── INPUT FOR THIS TASK ──

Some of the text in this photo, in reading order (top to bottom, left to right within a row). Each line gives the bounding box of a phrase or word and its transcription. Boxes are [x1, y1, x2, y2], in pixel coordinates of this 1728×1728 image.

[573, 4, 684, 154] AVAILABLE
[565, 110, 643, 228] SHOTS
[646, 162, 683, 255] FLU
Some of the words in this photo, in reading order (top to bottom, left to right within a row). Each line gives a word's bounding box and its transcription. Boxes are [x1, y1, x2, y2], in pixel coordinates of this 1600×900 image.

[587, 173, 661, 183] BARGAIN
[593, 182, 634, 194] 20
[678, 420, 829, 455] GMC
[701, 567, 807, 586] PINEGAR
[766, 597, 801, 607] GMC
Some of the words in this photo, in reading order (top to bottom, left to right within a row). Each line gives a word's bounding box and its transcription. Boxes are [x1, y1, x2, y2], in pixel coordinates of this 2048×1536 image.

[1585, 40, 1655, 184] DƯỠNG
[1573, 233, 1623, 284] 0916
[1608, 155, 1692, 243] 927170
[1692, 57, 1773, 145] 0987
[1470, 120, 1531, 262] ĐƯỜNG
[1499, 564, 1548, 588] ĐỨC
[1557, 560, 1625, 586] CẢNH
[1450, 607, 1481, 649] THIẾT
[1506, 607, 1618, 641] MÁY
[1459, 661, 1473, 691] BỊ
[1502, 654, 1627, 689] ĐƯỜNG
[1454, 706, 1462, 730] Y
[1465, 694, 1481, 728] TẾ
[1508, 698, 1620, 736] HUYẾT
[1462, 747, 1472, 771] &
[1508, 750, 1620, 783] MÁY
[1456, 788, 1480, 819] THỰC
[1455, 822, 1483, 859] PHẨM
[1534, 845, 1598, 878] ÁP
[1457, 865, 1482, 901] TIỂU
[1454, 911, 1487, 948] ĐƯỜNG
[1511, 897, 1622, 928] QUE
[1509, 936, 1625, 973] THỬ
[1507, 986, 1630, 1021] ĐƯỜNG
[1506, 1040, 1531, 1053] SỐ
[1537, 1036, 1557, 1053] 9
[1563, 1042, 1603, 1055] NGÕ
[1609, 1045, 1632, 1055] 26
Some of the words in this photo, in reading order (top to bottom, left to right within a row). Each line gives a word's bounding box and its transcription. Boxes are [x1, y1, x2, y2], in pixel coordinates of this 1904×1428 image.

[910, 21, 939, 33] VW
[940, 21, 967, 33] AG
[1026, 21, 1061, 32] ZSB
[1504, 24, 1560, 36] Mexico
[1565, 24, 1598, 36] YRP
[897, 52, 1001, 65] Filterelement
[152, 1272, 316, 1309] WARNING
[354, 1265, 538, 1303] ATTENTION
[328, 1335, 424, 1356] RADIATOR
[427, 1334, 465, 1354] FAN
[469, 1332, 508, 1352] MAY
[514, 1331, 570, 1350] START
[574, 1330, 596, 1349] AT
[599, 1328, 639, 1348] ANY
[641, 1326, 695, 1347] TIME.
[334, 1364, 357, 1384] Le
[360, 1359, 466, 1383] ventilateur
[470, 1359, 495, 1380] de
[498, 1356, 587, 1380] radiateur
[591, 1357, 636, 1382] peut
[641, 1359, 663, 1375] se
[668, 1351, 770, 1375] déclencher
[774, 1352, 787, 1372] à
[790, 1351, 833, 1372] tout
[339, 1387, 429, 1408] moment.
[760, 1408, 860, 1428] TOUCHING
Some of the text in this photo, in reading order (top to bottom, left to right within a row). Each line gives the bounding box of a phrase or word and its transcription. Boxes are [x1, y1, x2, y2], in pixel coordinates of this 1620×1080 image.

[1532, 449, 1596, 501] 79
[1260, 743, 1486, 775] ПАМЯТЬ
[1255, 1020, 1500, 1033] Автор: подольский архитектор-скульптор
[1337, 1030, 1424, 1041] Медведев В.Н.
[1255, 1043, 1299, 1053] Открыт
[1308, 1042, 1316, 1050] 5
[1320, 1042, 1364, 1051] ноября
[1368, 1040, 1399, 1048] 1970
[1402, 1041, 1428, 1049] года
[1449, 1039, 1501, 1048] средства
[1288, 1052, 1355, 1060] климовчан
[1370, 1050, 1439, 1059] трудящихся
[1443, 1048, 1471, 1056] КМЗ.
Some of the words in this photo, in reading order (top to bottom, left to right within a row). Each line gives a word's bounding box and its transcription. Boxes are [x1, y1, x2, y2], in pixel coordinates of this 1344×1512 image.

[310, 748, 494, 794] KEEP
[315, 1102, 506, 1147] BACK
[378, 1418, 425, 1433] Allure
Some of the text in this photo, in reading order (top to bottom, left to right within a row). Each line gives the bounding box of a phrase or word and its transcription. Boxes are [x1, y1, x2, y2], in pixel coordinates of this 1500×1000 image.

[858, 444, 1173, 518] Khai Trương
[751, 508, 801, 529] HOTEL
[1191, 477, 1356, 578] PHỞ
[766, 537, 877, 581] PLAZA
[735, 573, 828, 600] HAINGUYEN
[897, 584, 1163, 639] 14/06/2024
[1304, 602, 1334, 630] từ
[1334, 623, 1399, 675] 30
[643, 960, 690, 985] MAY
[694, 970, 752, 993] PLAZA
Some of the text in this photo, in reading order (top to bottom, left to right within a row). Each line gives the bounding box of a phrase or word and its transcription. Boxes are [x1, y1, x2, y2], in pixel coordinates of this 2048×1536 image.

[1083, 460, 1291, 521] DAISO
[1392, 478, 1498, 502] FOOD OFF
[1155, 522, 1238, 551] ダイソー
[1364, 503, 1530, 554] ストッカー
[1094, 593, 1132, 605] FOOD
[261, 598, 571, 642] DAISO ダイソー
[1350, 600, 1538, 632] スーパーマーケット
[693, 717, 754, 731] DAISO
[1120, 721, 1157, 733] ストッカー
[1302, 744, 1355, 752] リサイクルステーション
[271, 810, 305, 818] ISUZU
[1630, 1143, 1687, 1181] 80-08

───

Would you output every line of the listing exactly?

■ SOLUTION FOR THIS EXERCISE:
Some of the text in this photo, in reading order (top to bottom, left to right within a row). Each line gives the bounding box of a phrase or word and its transcription. Boxes are [x1, y1, x2, y2], in pixel coordinates of this 1728×1728 image.

[573, 4, 684, 154] AVAILABLE
[565, 110, 643, 228] SHOTS
[646, 162, 683, 255] FLU
Some of the words in this photo, in reading order (top to bottom, left to right within a row). Each line gives a word's bounding box and its transcription. Boxes are [x1, y1, x2, y2], in pixel coordinates of this 1600×900 image.

[587, 173, 661, 183] BARGAIN
[593, 182, 634, 194] 20
[678, 420, 829, 455] GMC
[701, 567, 807, 586] PINEGAR
[766, 597, 801, 607] GMC
Some of the words in this photo, in reading order (top to bottom, left to right within a row). Each line gives a word's bounding box and its transcription. Boxes are [x1, y1, x2, y2], in pixel coordinates of this 2048×1536 image.

[1585, 40, 1655, 184] DƯỠNG
[1573, 233, 1623, 284] 0916
[1608, 155, 1692, 243] 927170
[1692, 57, 1773, 145] 0987
[1470, 120, 1531, 262] ĐƯỜNG
[1499, 564, 1548, 588] ĐỨC
[1557, 560, 1625, 586] CẢNH
[1450, 607, 1481, 649] THIẾT
[1506, 607, 1618, 641] MÁY
[1459, 661, 1473, 691] BỊ
[1502, 654, 1627, 689] ĐƯỜNG
[1454, 706, 1462, 730] Y
[1465, 694, 1481, 728] TẾ
[1508, 698, 1620, 736] HUYẾT
[1462, 747, 1472, 771] &
[1508, 750, 1620, 783] MÁY
[1456, 788, 1480, 819] THỰC
[1455, 822, 1483, 859] PHẨM
[1534, 845, 1598, 878] ÁP
[1457, 865, 1482, 901] TIỂU
[1454, 911, 1487, 948] ĐƯỜNG
[1511, 897, 1622, 928] QUE
[1509, 936, 1625, 973] THỬ
[1507, 986, 1630, 1021] ĐƯỜNG
[1506, 1040, 1531, 1053] SỐ
[1537, 1036, 1557, 1053] 9
[1563, 1042, 1603, 1055] NGÕ
[1609, 1045, 1632, 1055] 26
Some of the words in this photo, in reading order (top to bottom, left to right within a row). Each line gives a word's bounding box and its transcription. Boxes are [x1, y1, x2, y2], in pixel coordinates of this 1904×1428 image.

[910, 21, 939, 33] VW
[940, 21, 967, 33] AG
[1026, 21, 1061, 32] ZSB
[1504, 24, 1560, 36] Mexico
[1565, 24, 1598, 36] YRP
[897, 52, 1001, 65] Filterelement
[152, 1272, 316, 1309] WARNING
[354, 1265, 538, 1303] ATTENTION
[328, 1335, 424, 1356] RADIATOR
[427, 1334, 465, 1354] FAN
[469, 1332, 508, 1352] MAY
[514, 1331, 570, 1350] START
[574, 1330, 596, 1349] AT
[599, 1328, 639, 1348] ANY
[641, 1326, 695, 1347] TIME.
[334, 1364, 357, 1384] Le
[360, 1359, 466, 1383] ventilateur
[470, 1359, 495, 1380] de
[498, 1356, 587, 1380] radiateur
[591, 1357, 636, 1382] peut
[641, 1359, 663, 1375] se
[668, 1351, 770, 1375] déclencher
[774, 1352, 787, 1372] à
[790, 1351, 833, 1372] tout
[339, 1387, 429, 1408] moment.
[760, 1408, 860, 1428] TOUCHING
Some of the text in this photo, in reading order (top to bottom, left to right within a row). Each line gives the bounding box of a phrase or word and its transcription. Boxes are [x1, y1, x2, y2], in pixel coordinates of this 1620×1080 image.

[1532, 449, 1596, 501] 79
[1260, 743, 1486, 775] ПАМЯТЬ
[1255, 1020, 1500, 1033] Автор: подольский архитектор-скульптор
[1337, 1030, 1424, 1041] Медведев В.Н.
[1255, 1043, 1299, 1053] Открыт
[1308, 1042, 1316, 1050] 5
[1320, 1042, 1364, 1051] ноября
[1368, 1040, 1399, 1048] 1970
[1402, 1041, 1428, 1049] года
[1449, 1039, 1501, 1048] средства
[1288, 1052, 1355, 1060] климовчан
[1370, 1050, 1439, 1059] трудящихся
[1443, 1048, 1471, 1056] КМЗ.
Some of the words in this photo, in reading order (top to bottom, left to right within a row). Each line gives a word's bounding box and its transcription. Boxes are [x1, y1, x2, y2], in pixel coordinates of this 1344×1512 image.

[310, 748, 494, 794] KEEP
[315, 1102, 506, 1147] BACK
[378, 1418, 425, 1433] Allure
Some of the text in this photo, in reading order (top to bottom, left to right within a row). Each line gives the bounding box of a phrase or word and its transcription. Boxes are [x1, y1, x2, y2], in pixel coordinates of this 1500×1000 image.

[858, 444, 1173, 518] Khai Trương
[751, 508, 801, 529] HOTEL
[1191, 477, 1356, 578] PHỞ
[766, 537, 877, 581] PLAZA
[735, 573, 828, 600] HAINGUYEN
[897, 584, 1163, 639] 14/06/2024
[1304, 602, 1334, 630] từ
[1334, 623, 1399, 675] 30
[643, 960, 690, 985] MAY
[694, 970, 752, 993] PLAZA
Some of the text in this photo, in reading order (top to bottom, left to right within a row). Each line gives the bounding box of a phrase or word and its transcription. Boxes are [x1, y1, x2, y2], in pixel coordinates of this 2048×1536 image.

[1083, 460, 1291, 521] DAISO
[1392, 478, 1498, 502] FOOD OFF
[1155, 522, 1238, 551] ダイソー
[1364, 503, 1530, 554] ストッカー
[1094, 593, 1132, 605] FOOD
[261, 598, 571, 642] DAISO ダイソー
[1350, 600, 1538, 632] スーパーマーケット
[693, 717, 754, 731] DAISO
[1120, 721, 1157, 733] ストッカー
[1302, 744, 1355, 752] リサイクルステーション
[271, 810, 305, 818] ISUZU
[1630, 1143, 1687, 1181] 80-08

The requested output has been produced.